Typhoon tornados and flying stars..oh ya and a skippero_O




					thecabe.com


----------



## Maurice (Apr 2, 2022)

Wow that's an INCREDIBLE collection of straight bar frames! Hopefully he weighs in on my frame too. I guessed I missed the Skipper model somehow. After studying the online Schwinn 1961/62 catalogs and the Schwinn Reporter article from July 61, along with my serial number date AND the detachable kickstand situation, I was sure I had a late 1961 Tornado. Now I'm not sure at all....


----------



## PCHiggin (Apr 2, 2022)

GTs58 said:


> I'm not so sure the Flying Star went to that frame. That model was deleted after 61 and the Skipper was built as a cantilever frame for 62.
> 
> Here's @Double straightup 's collection and maybe he can fill us in.
> 
> ...



I saw an original one in Holley Mi several years ago. No luck buying  it.  As you know that frame was around in ‘61 and I’m sure they used whatever they had to make production.


----------



## GTs58 (Apr 2, 2022)

Maurice said:


> Wow that's an INCREDIBLE collection of straight bar frames! Hopefully he weighs in on my frame too. I guessed I missed the Skipper model somehow. After studying the online Schwinn 1961/62 catalogs and the Schwinn Reporter article from July 61, along with my serial number date AND the detachable kickstand situation, I was sure I had a late 1961 Tornado. Now I'm not sure at all....

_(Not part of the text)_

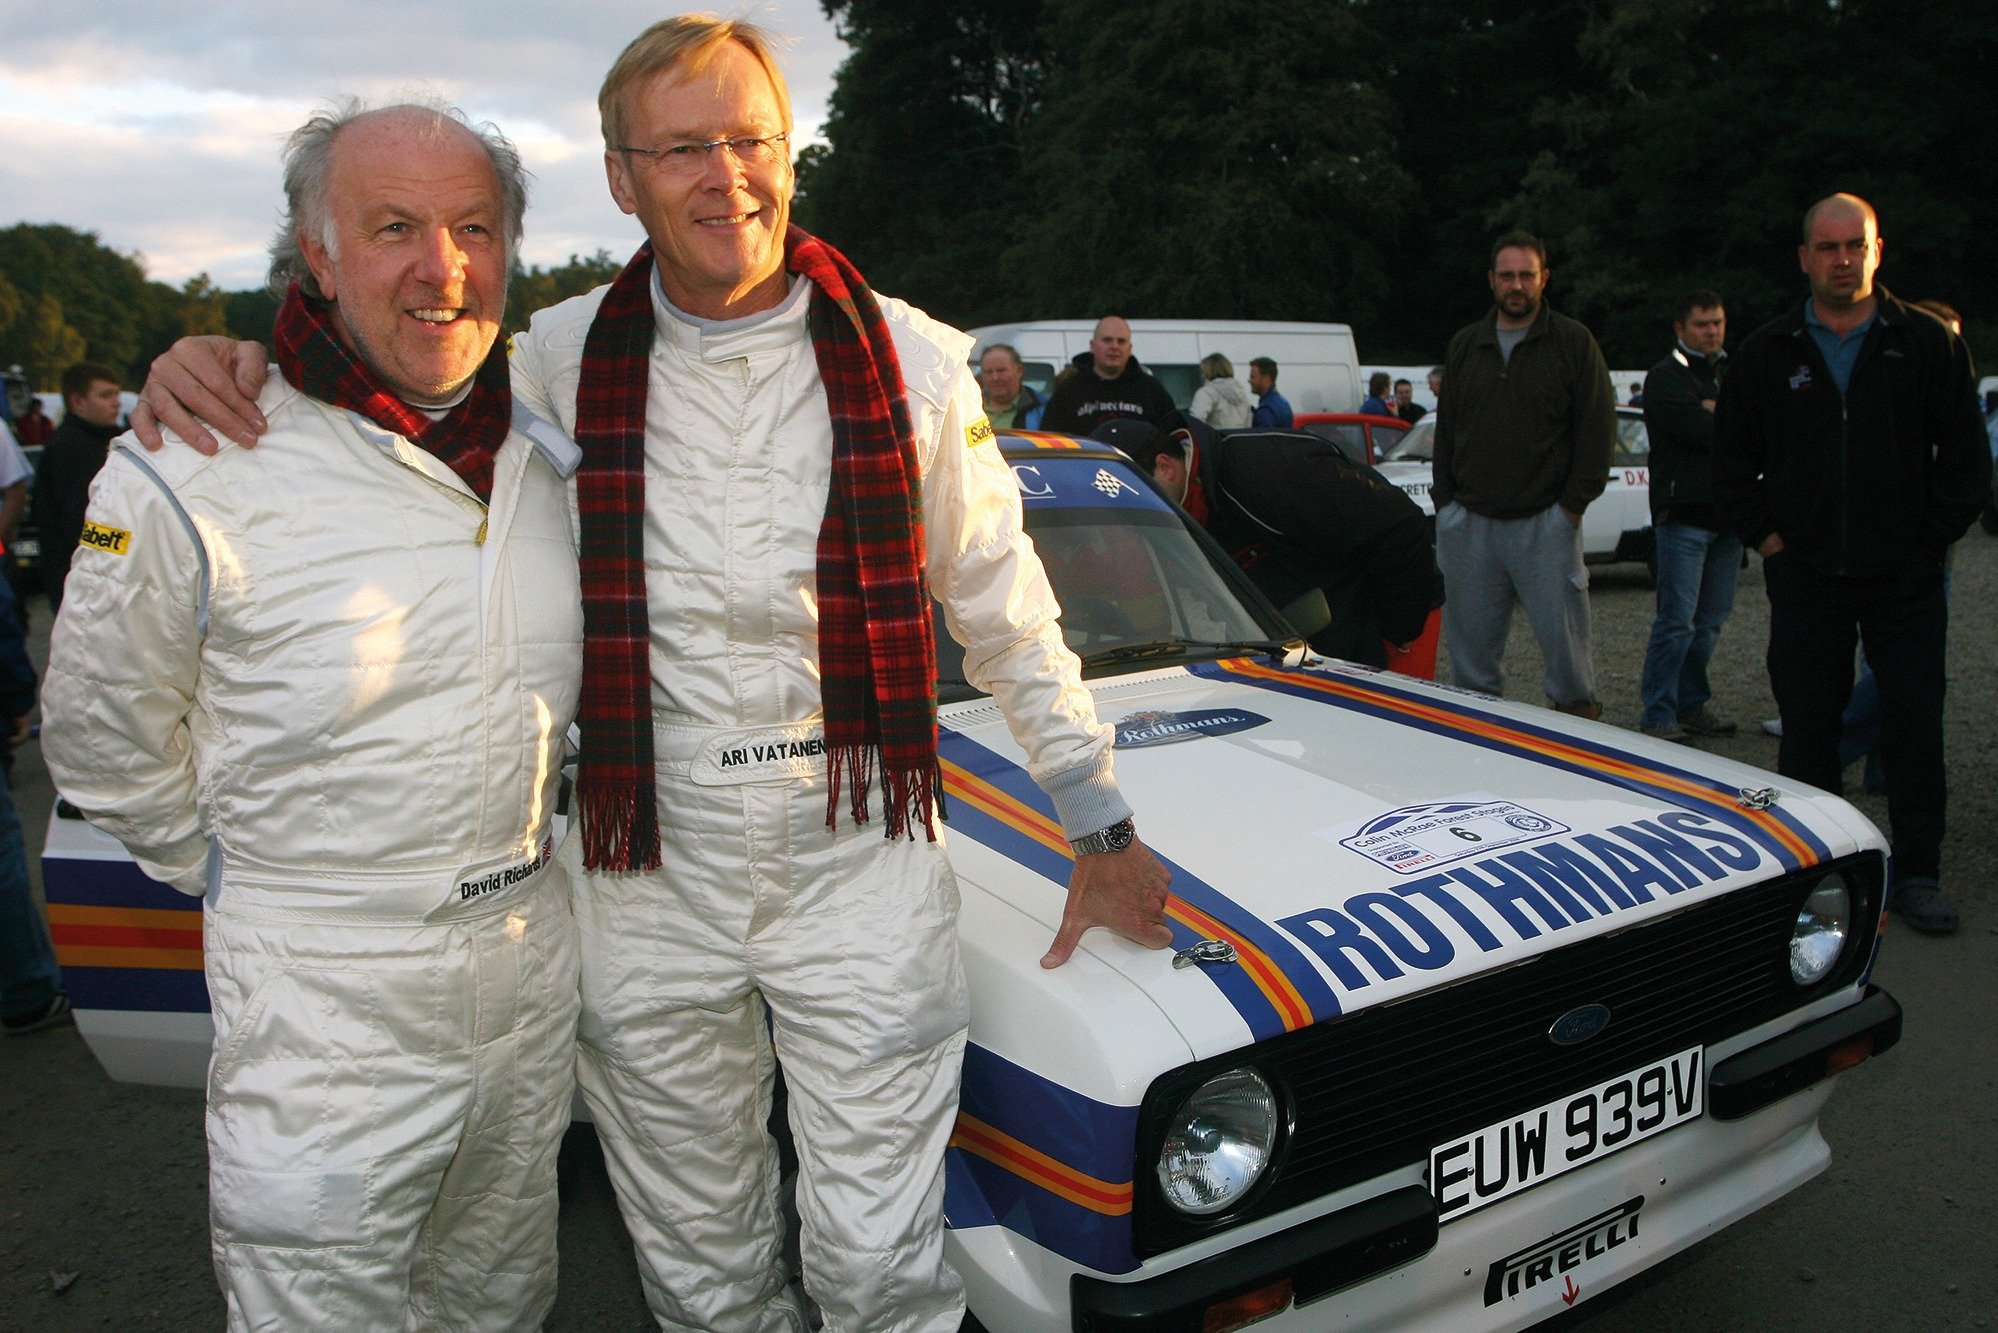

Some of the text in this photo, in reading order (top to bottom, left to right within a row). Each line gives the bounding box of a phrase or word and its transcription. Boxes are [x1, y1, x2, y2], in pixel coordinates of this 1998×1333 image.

Looks like you have a dilemma. 🤣   With no chain guard and a repaint, it's not going to be easy to figure this out. You'll need to see the original frame markings and paint details.


----------



## PCHiggin (Apr 2, 2022)

Rusty Klunker said:


> Pretty sure the only one with the built in kick stand was the Typhoon.
> 
> So Maurices bike could be any of the 3?



I think so, I saw an orginal red F/S with that frame


----------



## PCHiggin (Apr 2, 2022)

GTs58 said:


> Looks like you have a dilemma. 🤣   With no chain guard and a repaint, it's not going to be easy to figure this out. You'll need to see the original frame markings and paint details.

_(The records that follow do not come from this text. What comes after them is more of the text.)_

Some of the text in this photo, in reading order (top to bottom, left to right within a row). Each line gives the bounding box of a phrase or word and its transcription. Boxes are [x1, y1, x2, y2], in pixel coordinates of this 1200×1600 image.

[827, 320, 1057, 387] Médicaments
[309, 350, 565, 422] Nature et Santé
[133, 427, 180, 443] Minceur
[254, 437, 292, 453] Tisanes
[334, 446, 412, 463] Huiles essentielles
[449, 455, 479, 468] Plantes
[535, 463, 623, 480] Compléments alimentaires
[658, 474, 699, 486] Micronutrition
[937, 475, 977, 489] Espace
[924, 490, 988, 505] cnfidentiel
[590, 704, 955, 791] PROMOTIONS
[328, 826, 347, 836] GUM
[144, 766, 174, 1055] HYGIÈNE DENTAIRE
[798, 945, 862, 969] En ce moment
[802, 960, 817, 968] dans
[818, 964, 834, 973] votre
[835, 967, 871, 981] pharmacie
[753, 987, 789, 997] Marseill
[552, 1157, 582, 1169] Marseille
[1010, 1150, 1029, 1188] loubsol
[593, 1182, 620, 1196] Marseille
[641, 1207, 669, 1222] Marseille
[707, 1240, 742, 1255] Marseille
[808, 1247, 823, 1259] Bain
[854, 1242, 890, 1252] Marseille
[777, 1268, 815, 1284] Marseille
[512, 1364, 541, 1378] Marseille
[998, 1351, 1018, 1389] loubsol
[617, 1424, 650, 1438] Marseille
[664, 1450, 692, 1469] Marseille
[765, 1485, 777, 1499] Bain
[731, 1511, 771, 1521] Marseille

If you feel like it, take off the front end and see what color paint is inside the headtube. Skipper should have traces of white


----------



## Double straightup (Apr 2, 2022)

Like said the skipper would show some white around bearing cups, but most likely a tornado as a typhoon had weld on kickstand and the flying star never came continuous because of the tank


----------



## PCHiggin (Apr 2, 2022)

Double straightup said:


> Like said the skipper would show some white around bearing cups, but most likely a tornado as a typhoon had weld on kickstand and the flying star never came continuous because of the tank
> 
> View attachment 1599240



I’ve seen a Flying Star with continous bars and no tank. We can’t be certain what they did 60+ years ago based on old ads and a few bikes.  I posted some info on a bike bought new 40 years ago. The serial number was 2 years older than the purchase date. I was asked what decals it had, I just found some  oval Schwinn decals and am pretty sure my bike didn’t have them….BTW, not the place but so be it. I’m going to get some pics of them and give them to whomever can use them


----------



## GTs58 (Apr 2, 2022)

PCHiggin said:


> I’ve seen a Flying Star with continous bars and no tank. We can’t be certain what they did 60+ years ago based on old ads and a few bikes.  I posted some info on a bike bought new 40 years ago. The serial number was 2 years older than the purchase date. I was asked what decals it had, I just found some  oval Schwinn decals and am pretty sure my bike didn’t have them….BTW, not the place but so be it. I’m going to get some pics of them and give them to whomever can use them




I've seen a piece here on the Cabe and then later for sale that had the chain guard changed, and the owner swears his continuous twin bar was a Flying Star. No tank on that one either.


----------



## bloo (Apr 2, 2022)

Maurice said:


> One final question, is 61 when Schwinn started the "approved" parts?? Like grips, etc?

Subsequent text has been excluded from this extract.